When Trusov lifted his rifle the jaws of the earth seemed to open up, seize him, and take him down its black throat. Trusov fell into the void, vaulting down into the wicked murk. He spent an age falling into the black pool, and then he slammed against the bottom of the pit.

He found himself on his knees on the ground. He had only fallen a few feet, but had been blacked out for the two seconds of the fall.

Then a red sheet fell across his eyes, a veil of blood that blocked his view of the ground. He grabbed at himself until he found the wound, a crease across his forehead a quarter inch deep and pouring blood.

Gray had shot him.

Blood spilled through his fingers onto the ground, a torrent of it that filled his vision with cascading red. On his hands and knees he scrambled blindly, dragging his rifle, downhill until he felt the resistance of a bush of some sort. He let himself fall to the ground and burrowed under the bush.

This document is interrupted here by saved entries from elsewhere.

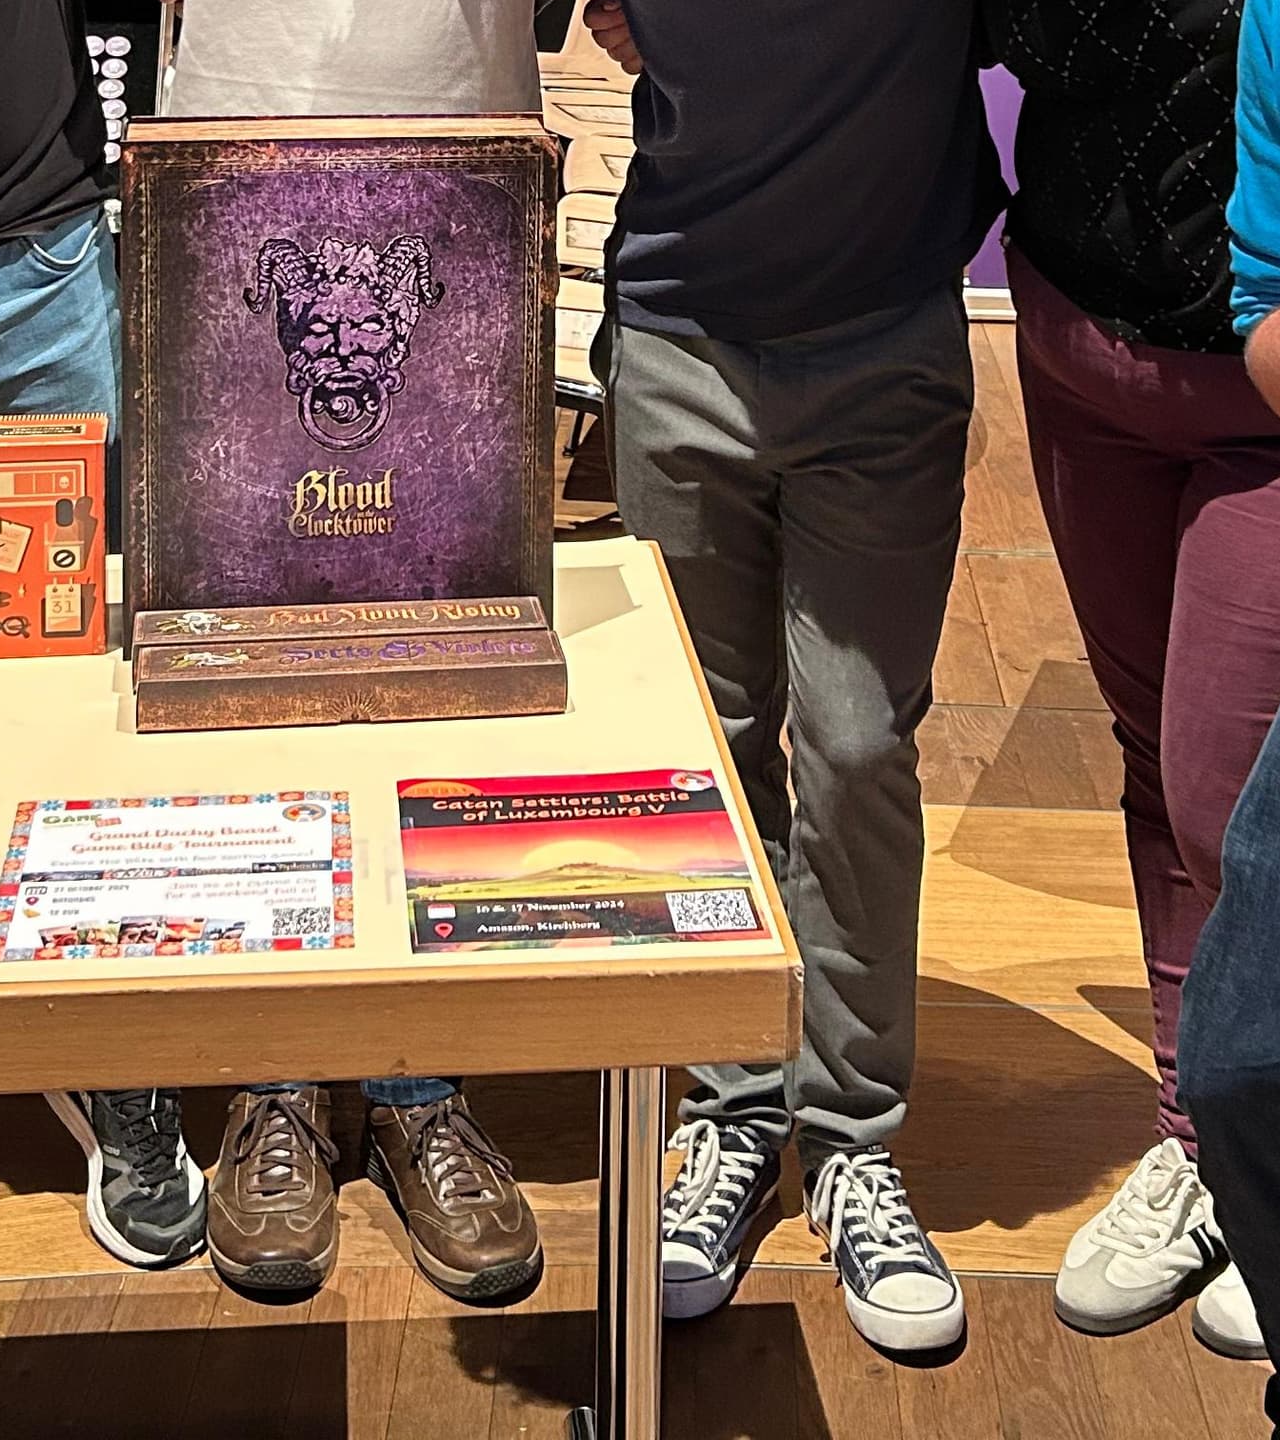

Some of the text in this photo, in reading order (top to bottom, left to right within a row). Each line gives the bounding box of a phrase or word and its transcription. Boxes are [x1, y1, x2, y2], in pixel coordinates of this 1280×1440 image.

[288, 468, 398, 514] Blood
[287, 512, 396, 538] Clocktower
[50, 600, 75, 614] 31
[419, 602, 521, 624] Rising
[432, 791, 690, 810] Catan Settlers: Battle
[42, 813, 102, 825] GAME
[462, 803, 665, 822] of Luxembourg V
[89, 830, 152, 841] Grand
[220, 825, 281, 836] Board
[71, 843, 128, 854] Game
[180, 836, 296, 849] Tournament
[526, 901, 591, 912] November
[536, 920, 601, 932] Kirchberg

Again he felt his head. The slash was to the bone, into the bone. He could feel his skull, not for the first time.

Trusov's mouth contorted in rage and pain. Owen Gray's Vietnam shot had marred Trusov, and now the second had crossed the scar of the first. The Russian's head was marked by an X.

Blood splashed to the ground. He pulled off his pack and pressed it against his forehead, trying to stem the river of blood, all the while his face screwed up in rage. Moments passed. The blood ebbed. He returned the sopping pack to his back. Night had come. He could see little in the black basin. Shaking with rage and revelation, he lifted his rifle and moved west, slowly and silently and skillfully.

* * *

The bowl was lost in darkness. Owen Gray had tried to find his target again, but Trusov had moved quickly, and the gathering darkness prevented Gray from spotting him. Gray had missed. Sheer luck had given Gray a shot, and he had missed. The shard of light he had stared at had indeed been a piece of litter, probably a gum wrapper. Just as Gray had given up on that target, the Russian had walked into Gray's field of vision. None of Gray's tracking skills had been involved. Happenstance had offered him the target. The Russian just happened to travel over the glint of light, and it had blinked out. Gray had lifted his rifle and fired, quickly, before Trusov was lost in the surrounding vegetation. Too quickly. Gray's rifle had bucked up, and by the time he found the spot again in the scope, Trusov was gone. A miss.